## Exercise:
Starting with the first line and ending with the last, transcribe the data exactly.

## Entries supplied:
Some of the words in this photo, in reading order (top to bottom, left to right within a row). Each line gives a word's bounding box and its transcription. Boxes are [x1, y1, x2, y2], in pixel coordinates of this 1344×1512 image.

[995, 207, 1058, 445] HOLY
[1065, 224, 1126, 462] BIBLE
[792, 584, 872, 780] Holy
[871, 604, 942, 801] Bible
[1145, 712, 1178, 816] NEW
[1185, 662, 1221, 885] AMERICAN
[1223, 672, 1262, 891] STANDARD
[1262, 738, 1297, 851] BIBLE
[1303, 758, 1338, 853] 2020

## Solution for this task:
Some of the words in this photo, in reading order (top to bottom, left to right within a row). Each line gives a word's bounding box and its transcription. Boxes are [x1, y1, x2, y2], in pixel coordinates of this 1344×1512 image.

[995, 207, 1058, 445] HOLY
[1065, 224, 1126, 462] BIBLE
[792, 584, 872, 780] Holy
[871, 604, 942, 801] Bible
[1145, 712, 1178, 816] NEW
[1185, 662, 1221, 885] AMERICAN
[1223, 672, 1262, 891] STANDARD
[1262, 738, 1297, 851] BIBLE
[1303, 758, 1338, 853] 2020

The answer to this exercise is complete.